Please return all of the records verbatim, with the pictures omitted.

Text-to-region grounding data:
[Start of section]

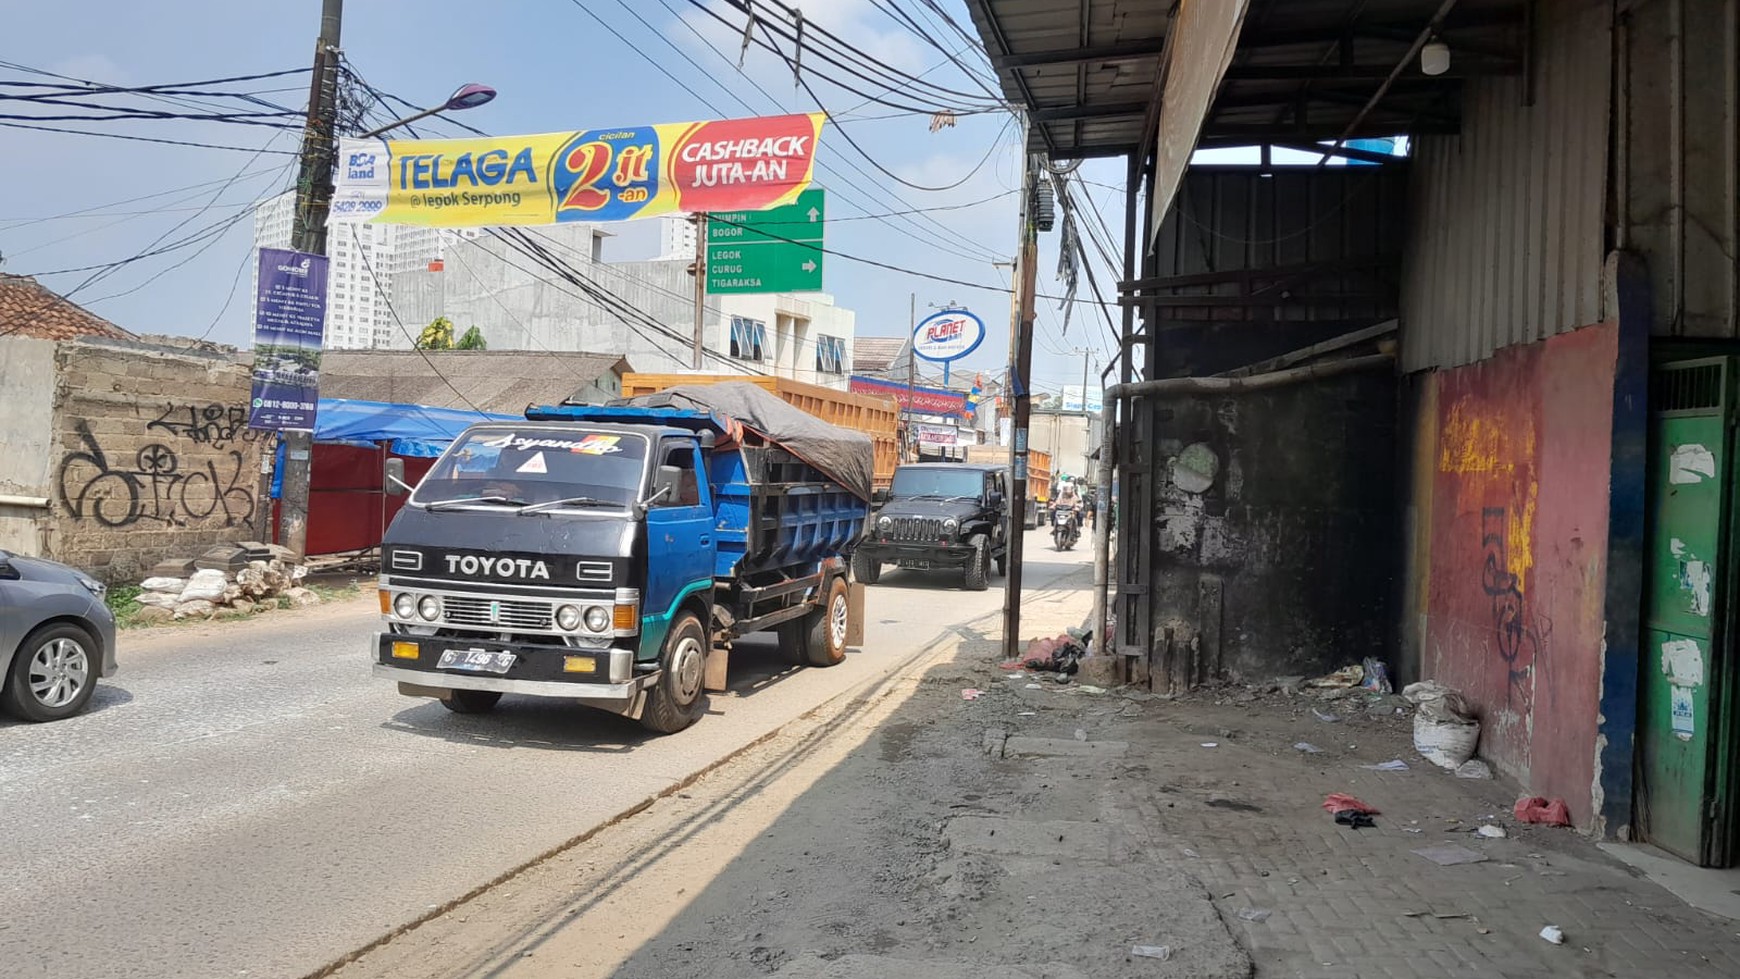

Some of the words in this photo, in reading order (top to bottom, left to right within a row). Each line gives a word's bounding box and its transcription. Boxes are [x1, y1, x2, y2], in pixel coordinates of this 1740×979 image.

[598, 132, 636, 140] cicilan
[681, 136, 810, 162] CASHBACK
[347, 167, 375, 179] land
[398, 147, 538, 190] TELAGA
[558, 141, 613, 211] 2
[612, 144, 653, 187] jt
[692, 160, 788, 188] JUTA-AN
[422, 193, 460, 209] legok
[461, 191, 521, 208] Serpong
[712, 227, 743, 237] BOGOR
[711, 250, 741, 260] LEGOK
[711, 265, 742, 274] CURUG
[711, 278, 762, 288] TIGARAKSA
[927, 319, 966, 340] PLANET
[445, 555, 550, 580] TOYOTA

[End of section]

_Answer space_
Some of the words in this photo, in reading order (top to bottom, left to right within a row). Each line gives a word's bounding box and its transcription. Boxes are [x1, y1, x2, y2], in pixel coordinates of this 1740×979 image.

[598, 132, 636, 140] cicilan
[681, 136, 810, 162] CASHBACK
[347, 167, 375, 179] land
[398, 147, 538, 190] TELAGA
[558, 141, 613, 211] 2
[612, 144, 653, 187] jt
[692, 160, 788, 188] JUTA-AN
[422, 193, 460, 209] legok
[461, 191, 521, 208] Serpong
[712, 227, 743, 237] BOGOR
[711, 250, 741, 260] LEGOK
[711, 265, 742, 274] CURUG
[711, 278, 762, 288] TIGARAKSA
[927, 319, 966, 340] PLANET
[445, 555, 550, 580] TOYOTA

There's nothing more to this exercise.